Episode171 そして新たな計画が始まる

 今日は修学旅行の振替休日です。

 疲れを取るための休息日だけど、昨日帰宅して自分のベッドで寝て起きたら、翌日はもう元気に満ち満ちていた。


 珍しく先に起きた私はお兄様の部屋に忍び入り、とうっと上からダイブしたらその衝撃で目覚めたお兄様に、朝一で怒られるという事態になりました。モーニングハイになってました。本当にすみませんでした。


「それで、修学旅行で何を学んできたのかな? 目覚めてすぐ兄を押し潰すことを学んできたのかな?」

「ちゃんとお寺や神社の歴史を学んできました」

「柚子島くんのところに行って、まさか同じことしてないだろうね」

「していません。そこまでの域にはまだ行っていません」

「……まだ? そう、予定があるんだ」

「ありません」


 私の現在地、床に正座。


 ベッドに腰を下ろしているお兄様から、絶賛クドクド注意を受けている最中です。元気が満ち過ぎて、やってしまった後のことを全く考えていなかった。

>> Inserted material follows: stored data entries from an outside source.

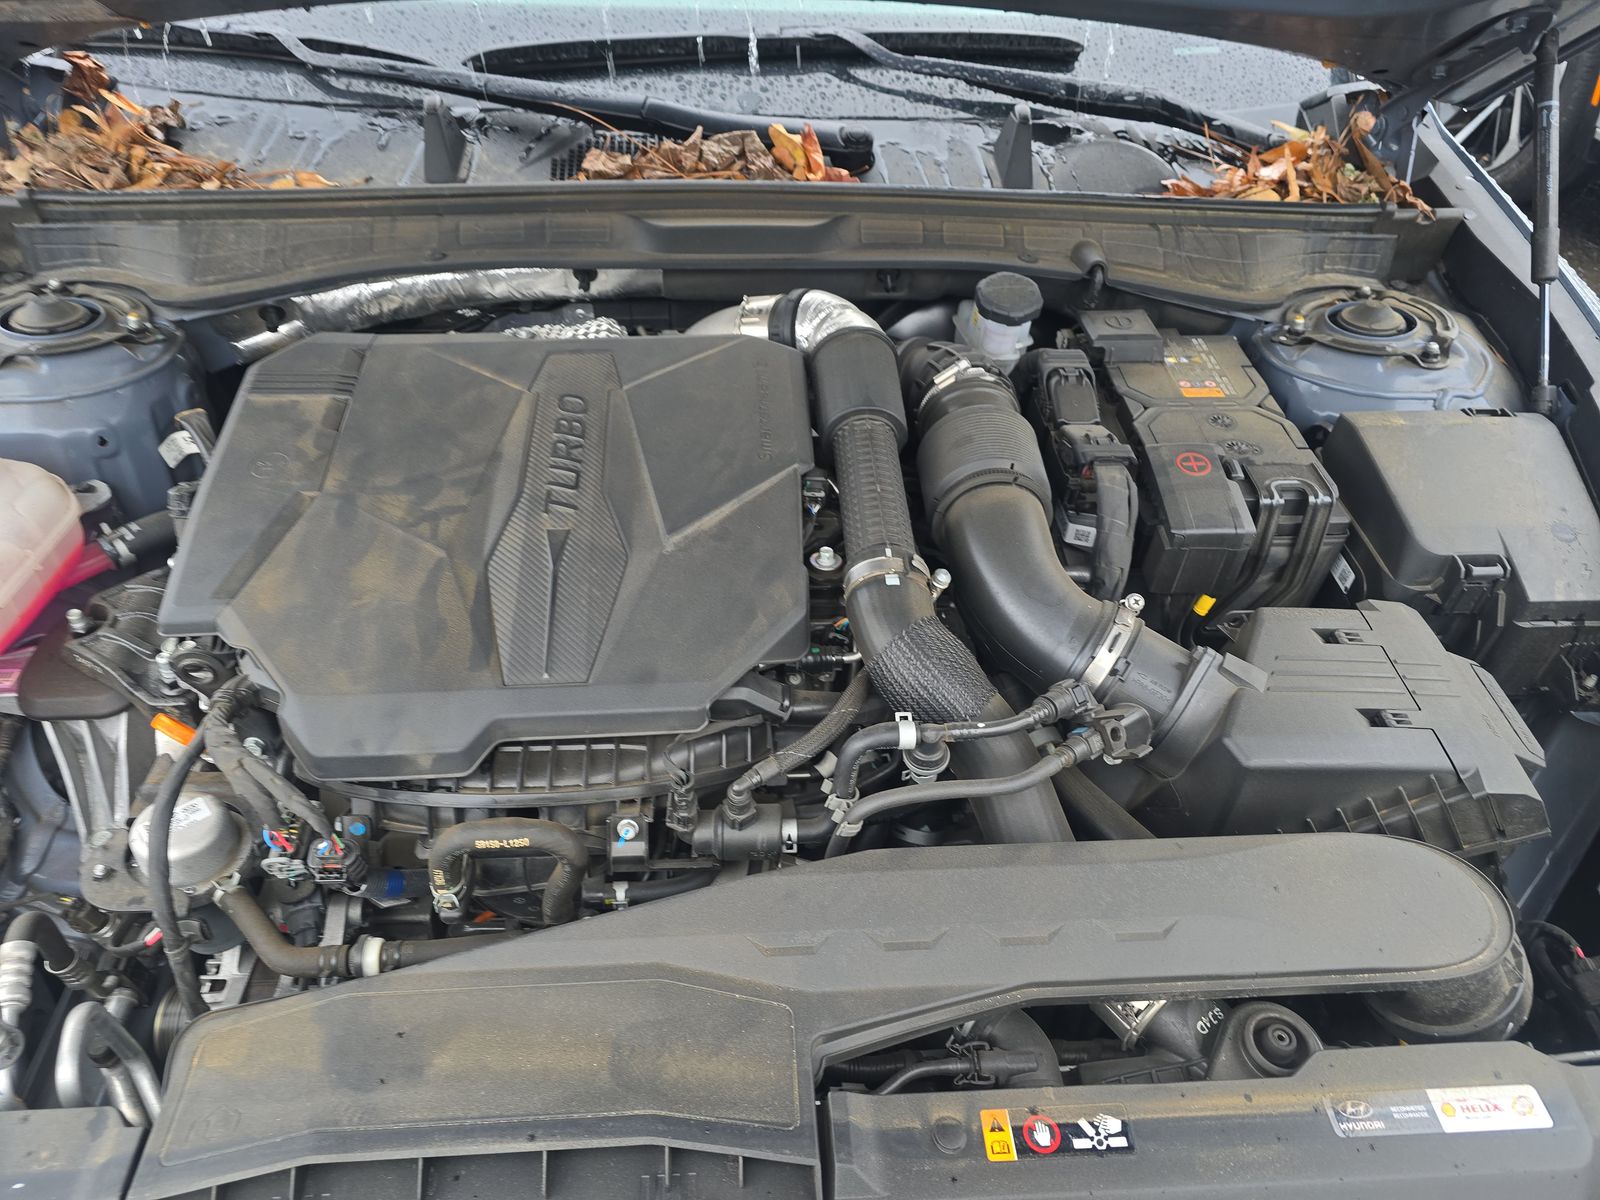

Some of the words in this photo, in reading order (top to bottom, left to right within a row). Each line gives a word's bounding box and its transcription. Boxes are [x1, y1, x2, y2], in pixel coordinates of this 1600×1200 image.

[543, 394, 586, 516] TURBO
[1460, 1103, 1504, 1113] HELIX
[1339, 1120, 1386, 1132] HYUNDAI
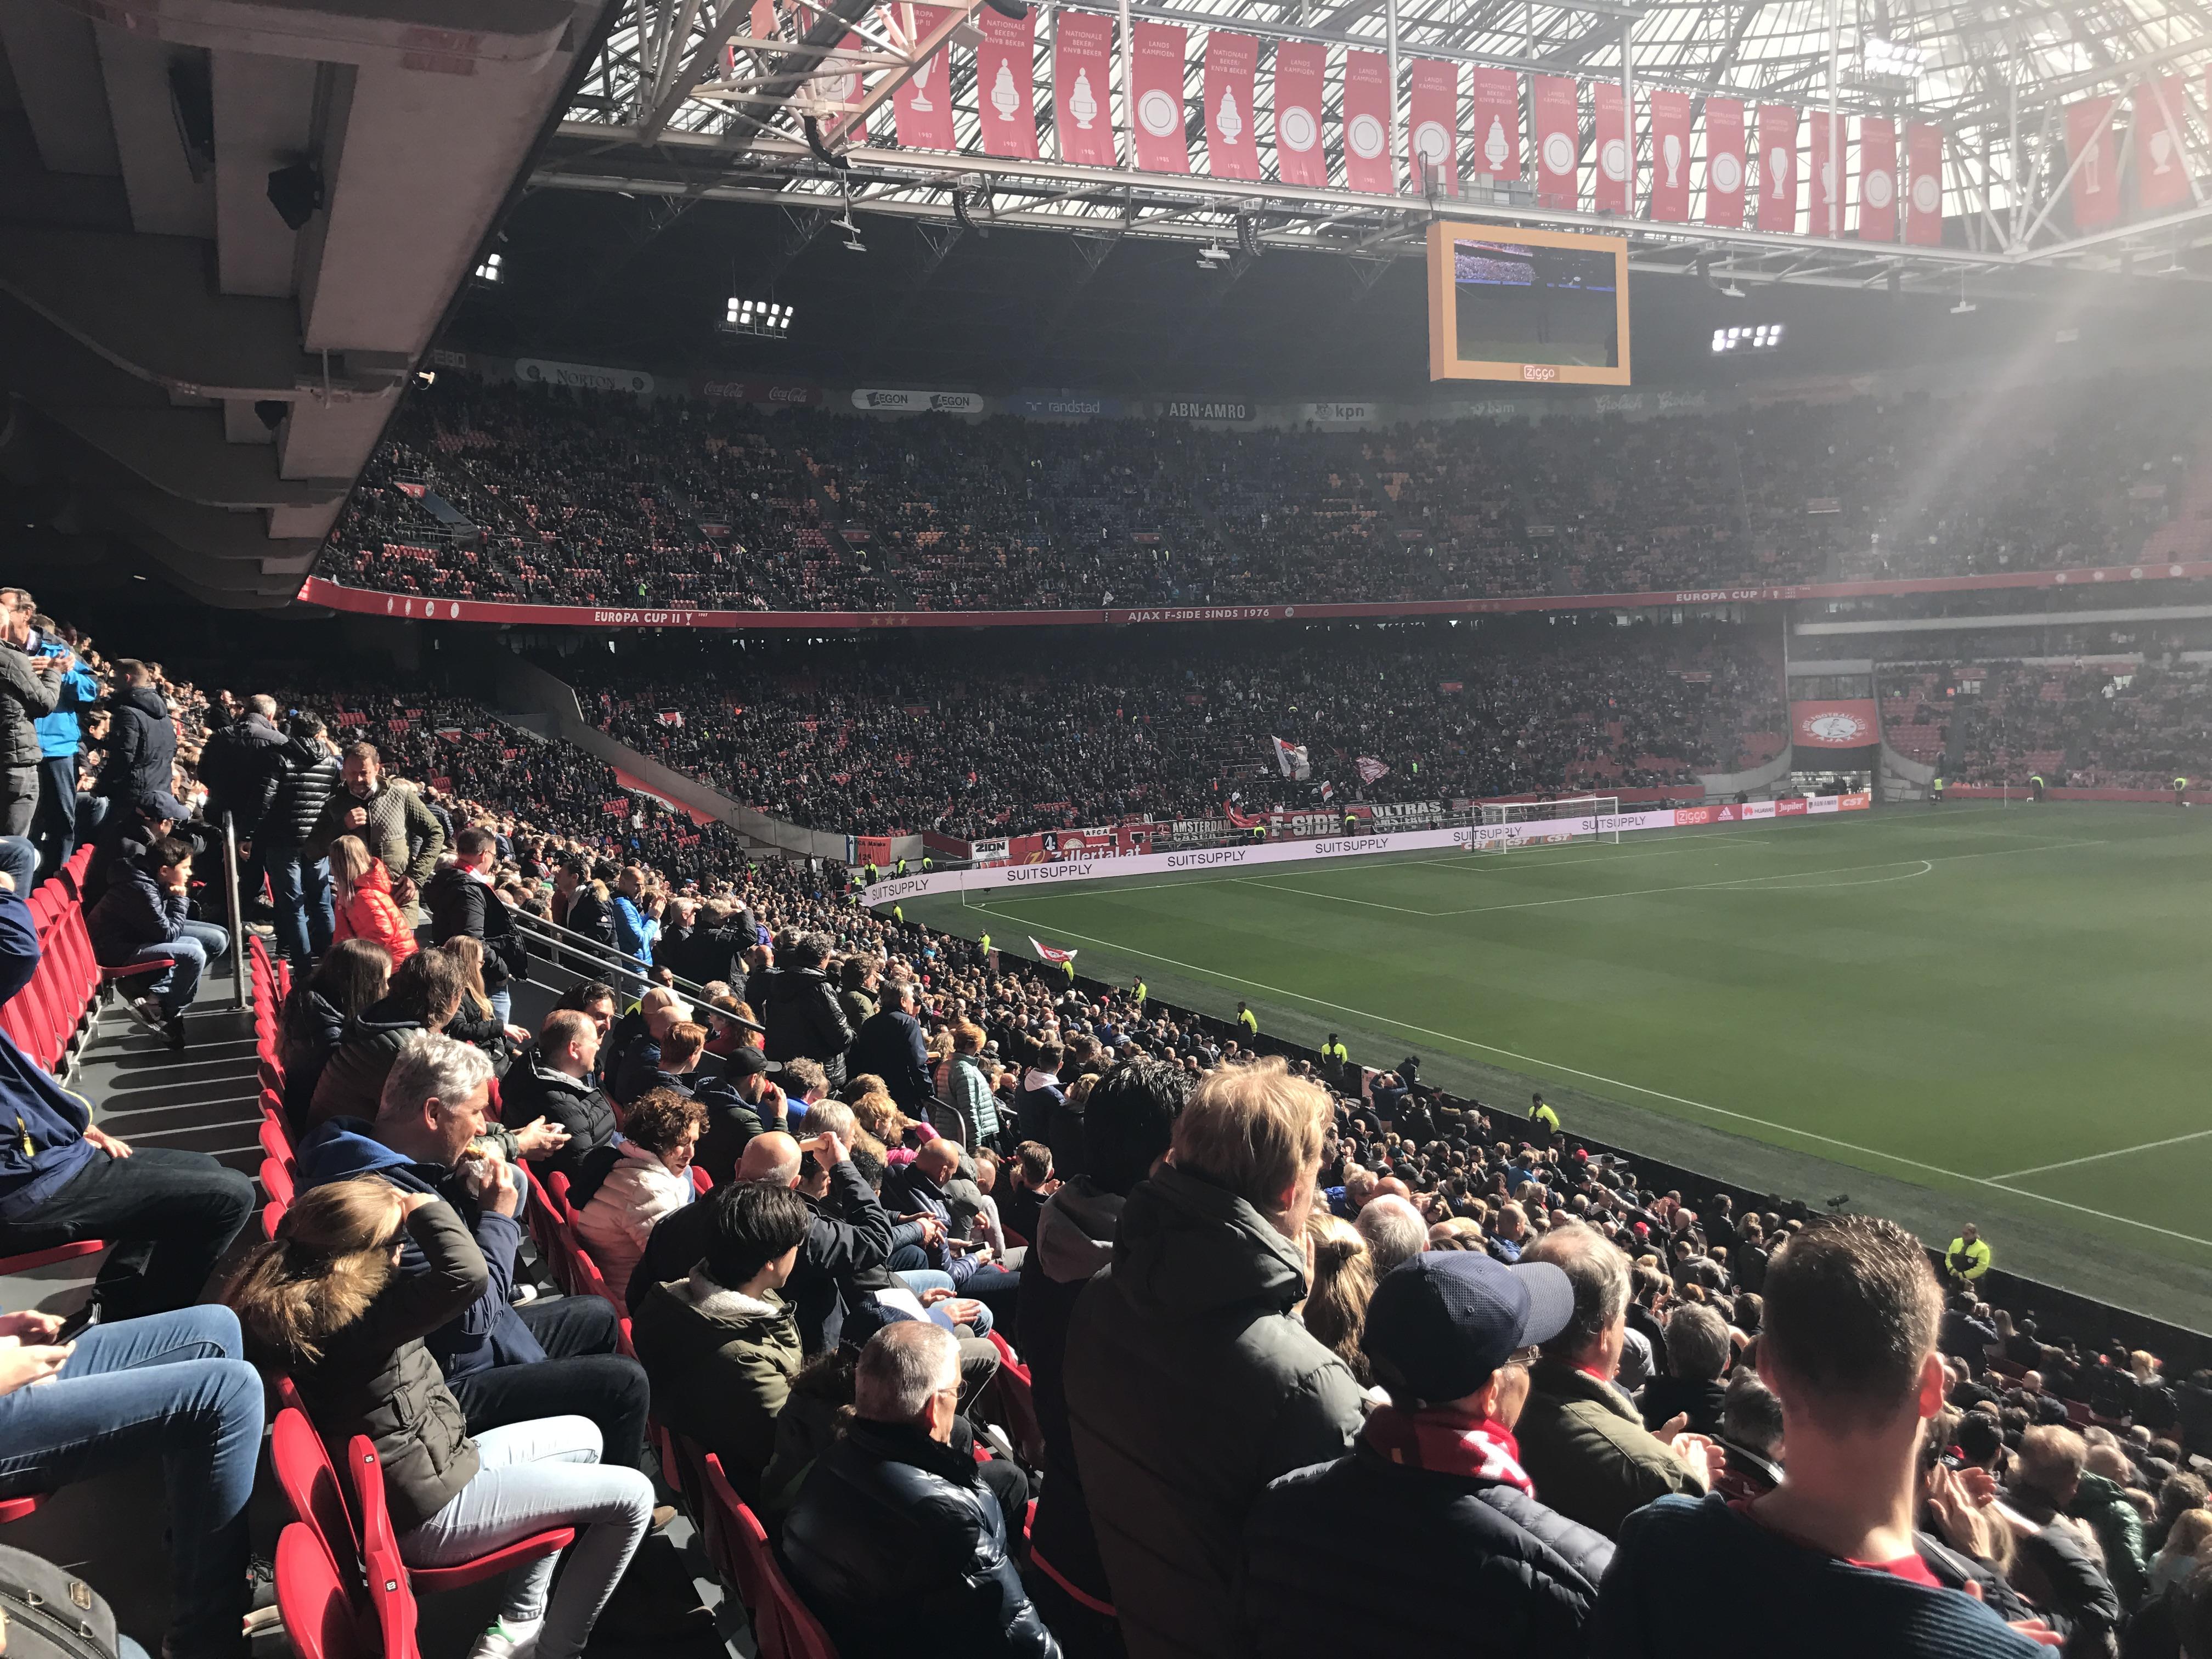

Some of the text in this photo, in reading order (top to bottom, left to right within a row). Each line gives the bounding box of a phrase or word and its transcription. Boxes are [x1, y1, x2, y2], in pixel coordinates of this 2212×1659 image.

[913, 9, 934, 18] ROPA
[986, 19, 1026, 31] NATIONALE
[994, 29, 1018, 38] BEKER/
[1065, 30, 1102, 41] NATIONALE
[985, 37, 1025, 48] KNVB BEKER
[1072, 39, 1094, 47] BEKER/
[1148, 41, 1170, 49] LANDS
[1063, 46, 1102, 57] KNVB BEKER
[1142, 48, 1175, 58] KAMPIOEN
[1213, 49, 1248, 59] NATIONALE
[1290, 59, 1311, 67] LANDS
[1211, 65, 1247, 75] KNVB BEKER
[1284, 66, 1315, 75] KAMPIOEN
[1352, 75, 1383, 84] KAMPIOEN
[557, 369, 615, 387] NORTON
[872, 393, 909, 404] AEGON
[934, 396, 970, 407] AEGON
[1048, 399, 1101, 414] randstad
[1335, 404, 1365, 420] kpn
[1676, 592, 1726, 602] EUROPA
[1731, 590, 1758, 599] CUP
[595, 611, 639, 623] EUROPA
[644, 613, 668, 623] CUP
[672, 613, 680, 623] II
[1128, 608, 1269, 622] AJAX F-SIDE SINDS 1976
[1779, 802, 1804, 812] Jupiler
[1842, 798, 1864, 806] CST
[1372, 801, 1441, 818] ULTRAS
[1172, 819, 1231, 833] AMSTERDAM
[1269, 814, 1341, 837] F-SIDE
[1547, 833, 1570, 843] CST
[975, 842, 1006, 853] ZION
[1316, 838, 1389, 854] SUITSUPPLY
[1167, 851, 1246, 867] SUITSUPPLY
[1007, 864, 1093, 882] SUITSUPPLY
[872, 879, 929, 901] SUITSUPPLY
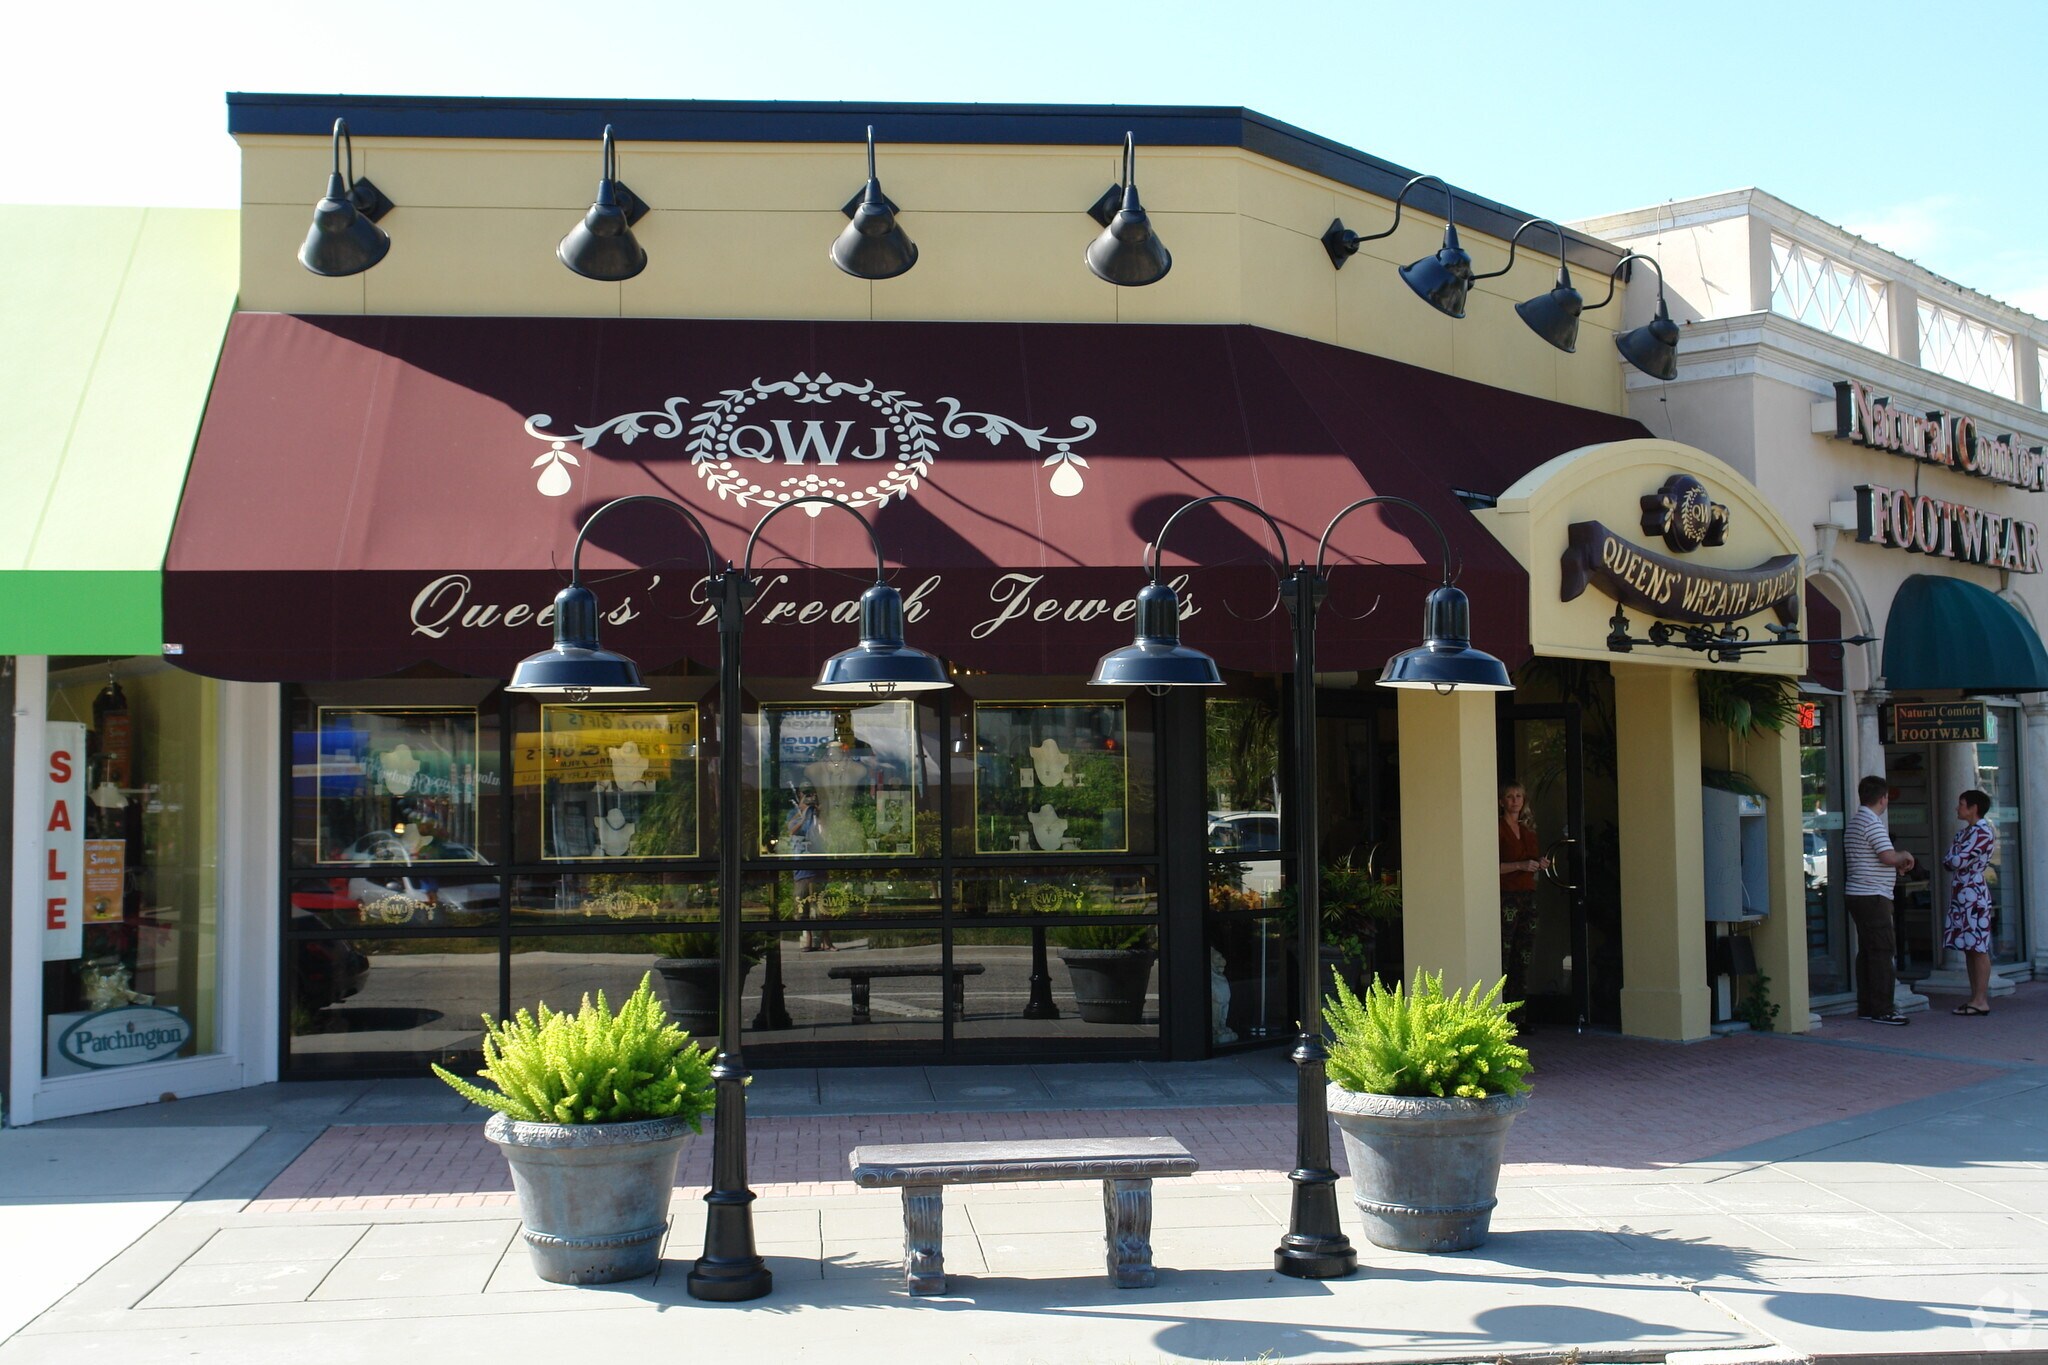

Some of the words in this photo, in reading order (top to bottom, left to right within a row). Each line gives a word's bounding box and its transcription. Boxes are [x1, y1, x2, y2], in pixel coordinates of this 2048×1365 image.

[728, 419, 890, 466] QWJ
[1846, 380, 1954, 466] Natural
[1868, 484, 2043, 574] FOOTWEAR
[410, 573, 661, 639] Quees'
[690, 574, 941, 626] Wreah
[1602, 536, 1682, 605] QUEENS'
[1681, 575, 1751, 617] WREATH
[1750, 566, 1797, 612] JEWELS
[1899, 707, 1937, 718] Natural
[1939, 704, 1981, 717] Comfort
[1901, 727, 1981, 741] FOOTWEAR
[47, 750, 72, 930] SALE
[74, 1025, 183, 1055] Patchington

 こうして注意をされながら考えてみると、何だかお兄様のベッドとは相性が悪い気がする。だって私がお兄様のベッドと関わったら大体怒られているし。


 しかし兄妹間の軽いスキンシップなのに、私重くないのに、別にベッドに潜り込んだ訳でもないのに、どうしてこんなに怒られるのだろうか? 何か納得いかないなぁ。


「何か反論でも?」

「ありません」


 何を察知されたのかそんなことを言われ、速攻否定した。


 うん、これは問題起こした生徒が再犯しない訳だ。普通に怖い。ジワジワと追い詰められる恐怖がここにある。


「お姉さま、お兄さま! おはようございます!」

「鈴ちゃんおはよう!」

「おはよう、歌鈴」


 声が聞こえたからなのか、閉まっている扉を開けた瞬間に私がいることを疑問に思うことなく、元気に挨拶をして部屋の中にテテテと入室してくる。そんな鈴ちゃんを見てお兄様が軽く溜息を吐いた。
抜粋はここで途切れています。